TkDialog question

Hi Folks.

I have a TkDialog that I just want to display and then get the answer from it. I was wondering if it was possible to do this without deriving from the class. Its a simple dialog box with a Yes/No question.

ret = TkDialog.new('title'=>'Confirm Exit',
                        'message'=>'Are you sure you want to exit?',
                        'buttons'=>['Yes', 'No'],
                        'default'=>1,
                        'bitmap'=>'question')

How do I get the answer? Did the user press Yes or No?

I've tried to find the answer to this by searching all the ruby examples on my machine and using Google. I'm either looking for the wrong thing, looking in the wrong place, whatever I can't work out how to do this.

Hoping someone can help me.

Stephen

···

--
Stephen Kellett
Object Media Limited http://www.objmedia.demon.co.uk/software.html
Computer Consultancy, Software Development
Windows C++, Java, Assembler, Performance Analysis, Troubleshooting

Stephen Kellett wrote:

I have a TkDialog that I just want to display and then get the answer
from it. I was wondering if it was possible to do this without deriving
from the class. Its a simple dialog box with a Yes/No question.

Try the TkMessageBox. See
http://members.at.infoseek.co.jp/shiroikumo/ruby/rubytk/index-en.html
for details.

Solved the problem.

ret.value() will return the index of the button pressed. In the example
above that is:
        Yes == 0
        No == 1

So the code would be:

        If ret.value() == 0 # user pressed Yes
                TkRoot.destroy();
        end

You can also use ret.name() to get the name of the button pressed.

Stephen

···

In message <udKlHZCeWAKDFwic@objmedia.demon.co.uk>, Stephen Kellett <snail@objmedia.demon.co.uk> writes

ret = TkDialog.new('title'=>'Confirm Exit',
                      'message'=>'Are you sure you want to exit?',
                      'buttons'=>['Yes', 'No'],
                      'default'=>1,
                      'bitmap'=>'question')
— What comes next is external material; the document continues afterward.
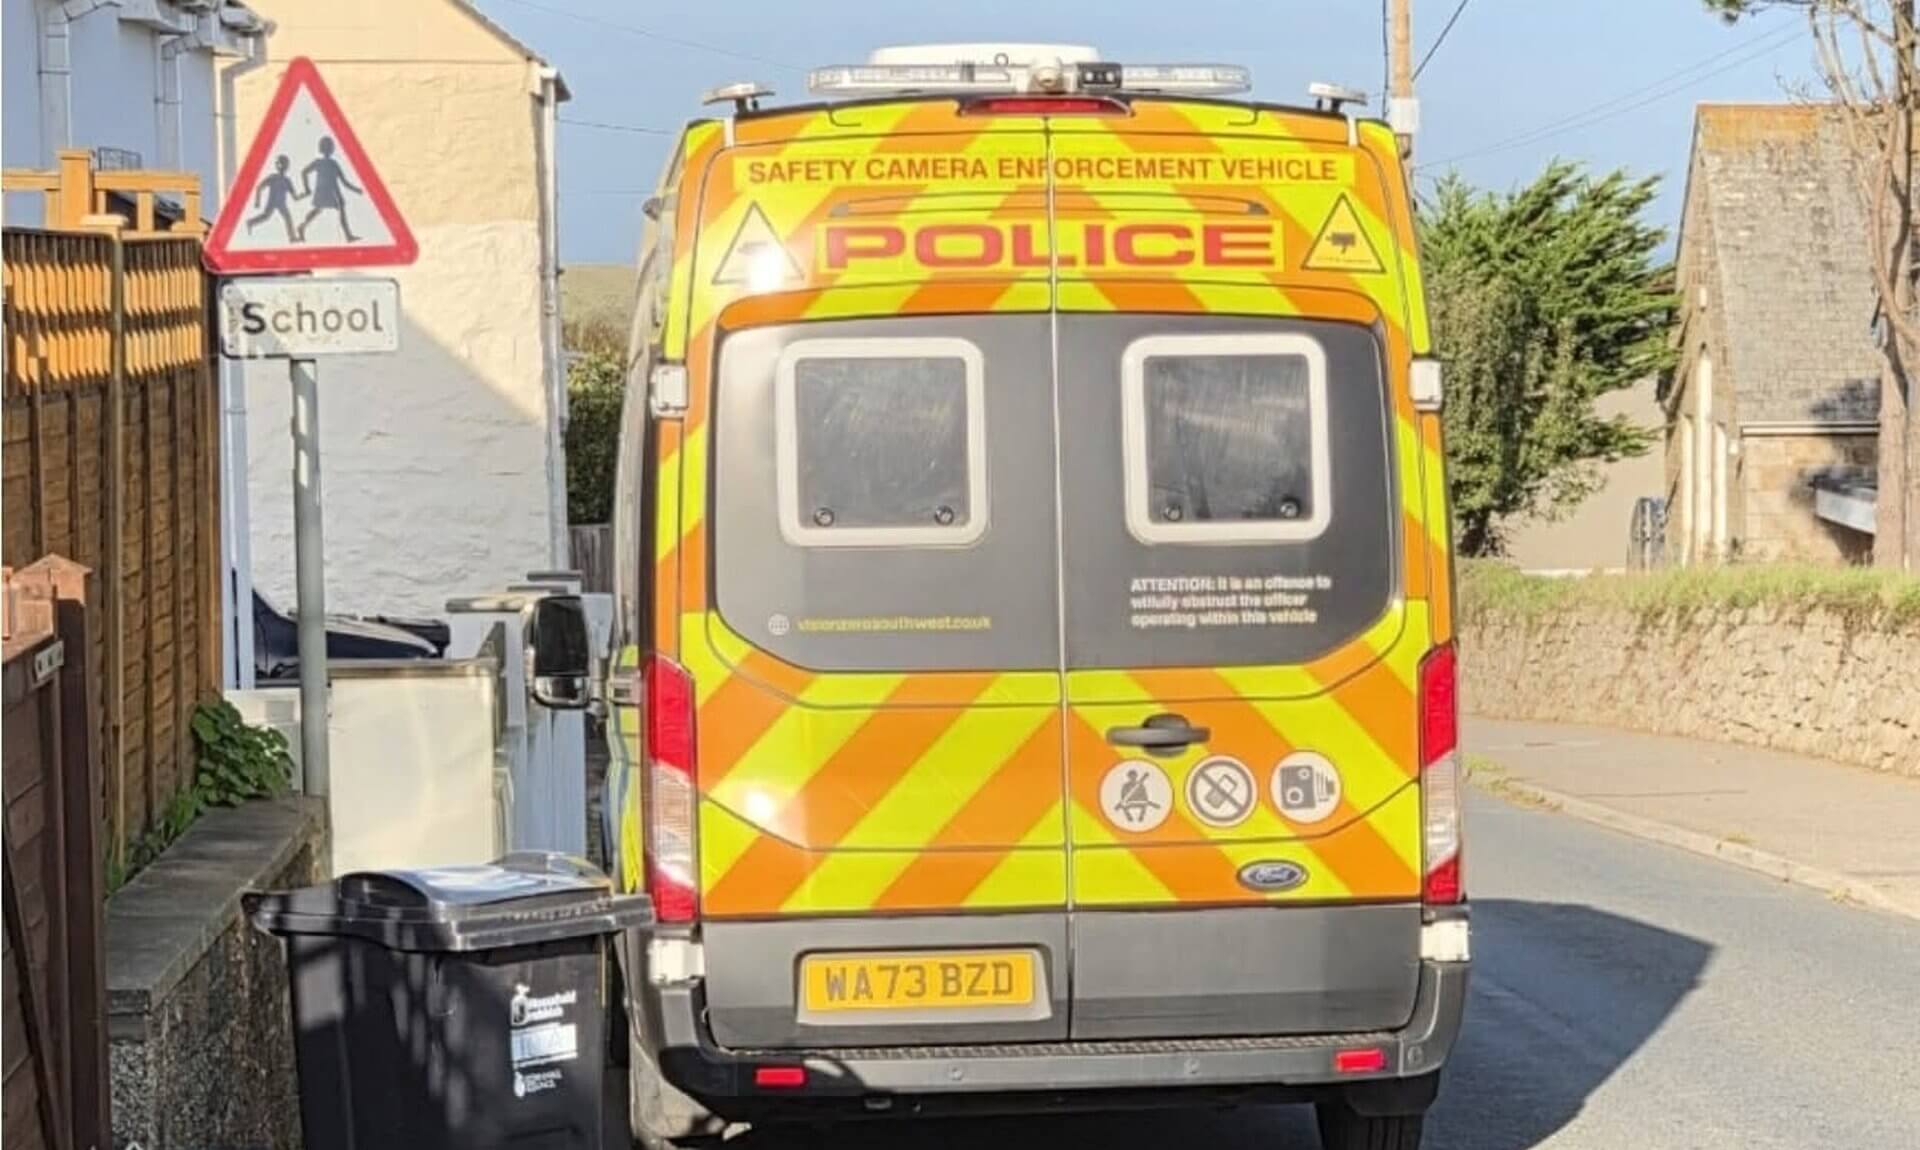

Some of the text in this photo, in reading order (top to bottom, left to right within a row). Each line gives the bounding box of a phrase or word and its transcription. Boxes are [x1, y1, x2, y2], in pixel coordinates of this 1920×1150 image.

[749, 157, 1337, 183] SAFETY CAMERA ENFORCEMENT VEHICLE
[826, 223, 1275, 268] POLICE
[242, 301, 383, 334] School
[826, 961, 1013, 1001] WA73 BZD
How do I get the answer? Did the user press Yes or No?

--
Stephen Kellett
Object Media Limited http://www.objmedia.demon.co.uk/software.html
Computer Consultancy, Software Development
Windows C++, Java, Assembler, Performance Analysis, Troubleshooting

FYI.
There maybe a bug for dialog.name.
If a dialog does not show up yet, the value will be nil, but calling
name will give you exception.

Example:
dialog = TkDialog2.new(:title=>'Hello', :message=>'Exit?',
:buttons=>['Yes', 'No'], :default=>1)
# TkDialog2 will not showing at initialize time

puts dialog.value # print nil
puts dialog.name # exception...

My suggestion is modify dialog.rb on the line # 202
def name
  @buttons[@val]
end

by

def name
  @val.nil? ? nil : @buttons[@val]
end

Message-ID: <1126711133.601443.197810@g44g2000cwa.googlegroups.com>

There maybe a bug for dialog.name.
If a dialog does not show up yet, the value will be nil, but calling
name will give you exception.

Thank you for your report. I'll fix it on CVS.

···

From: email55555@gmail.com
Subject: Re: TkDialog question
Date: Thu, 15 Sep 2005 00:21:34 +0900
--
Hidetoshi NAGAI (nagai@ai.kyutech.ac.jp)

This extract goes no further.